- Opening Delimiter -

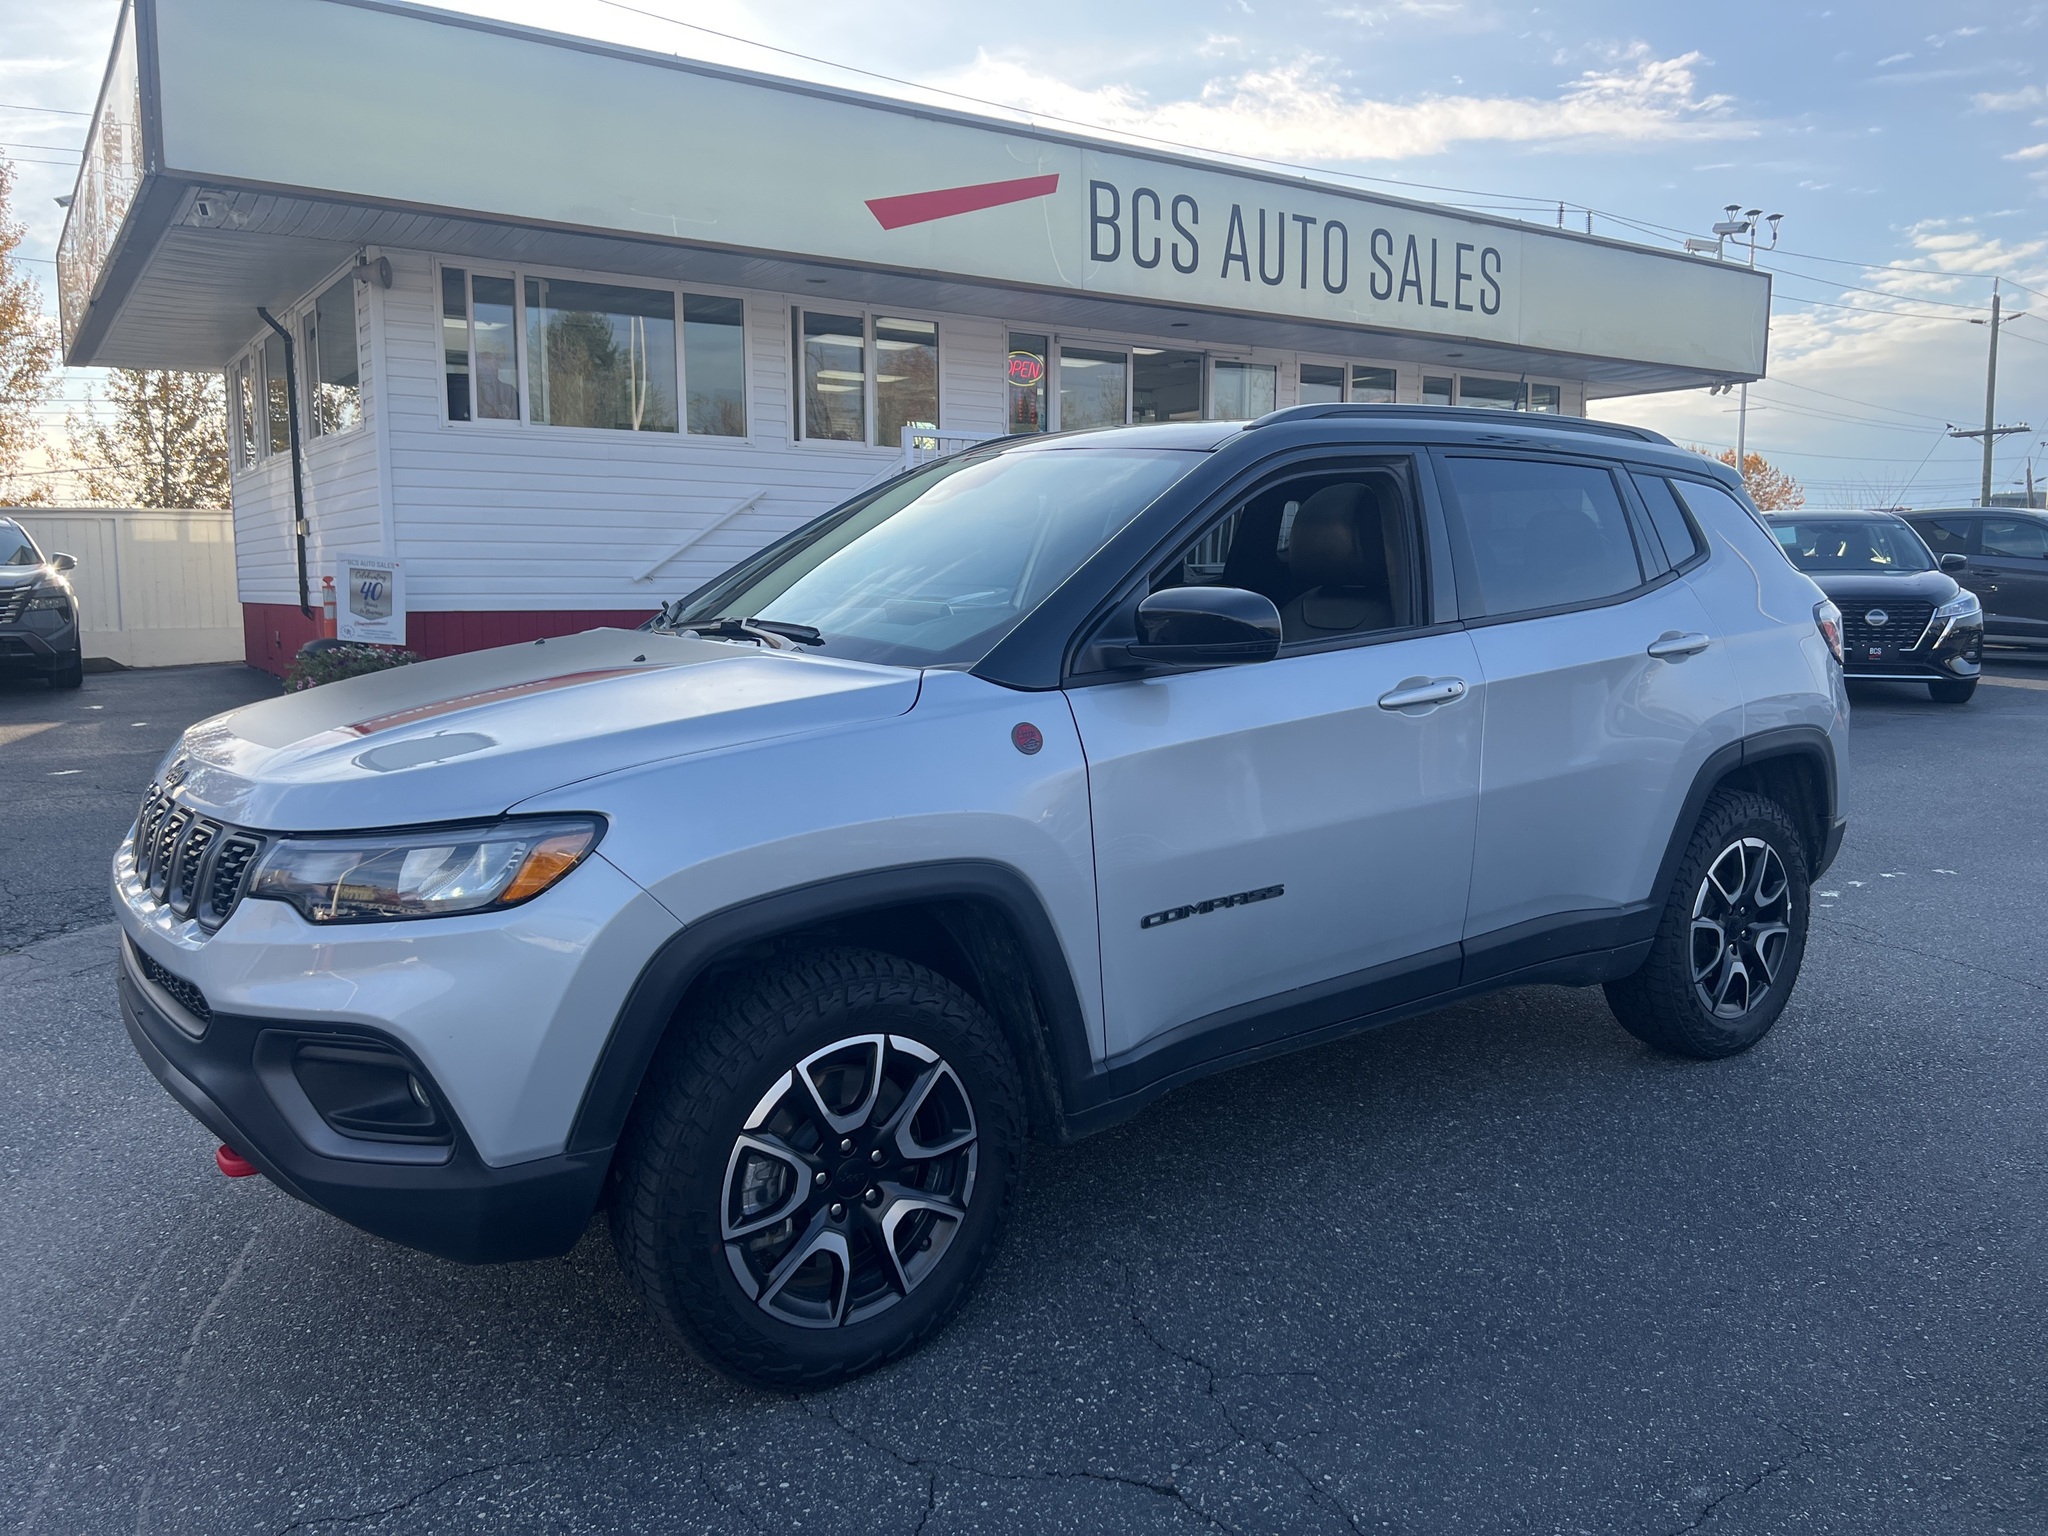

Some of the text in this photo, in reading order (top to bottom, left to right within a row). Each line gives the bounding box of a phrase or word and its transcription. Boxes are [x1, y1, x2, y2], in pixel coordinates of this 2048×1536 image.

[1089, 179, 1502, 316] BCS AUTO SALES
[348, 559, 396, 569] BCS AUTO SALES
[360, 581, 384, 601] 40
[1869, 647, 1882, 655] BCS
[1140, 883, 1285, 929] COMPASS

- Closing Delimiter -

**Problem details**
Please output all the records above exactly, leaving out every picture.

**Task response**
Some of the text in this photo, in reading order (top to bottom, left to right within a row). Each line gives the bounding box of a phrase or word and its transcription. Boxes are [x1, y1, x2, y2], in pixel coordinates of this 2048×1536 image.

[1089, 179, 1502, 316] BCS AUTO SALES
[348, 559, 396, 569] BCS AUTO SALES
[360, 581, 384, 601] 40
[1869, 647, 1882, 655] BCS
[1140, 883, 1285, 929] COMPASS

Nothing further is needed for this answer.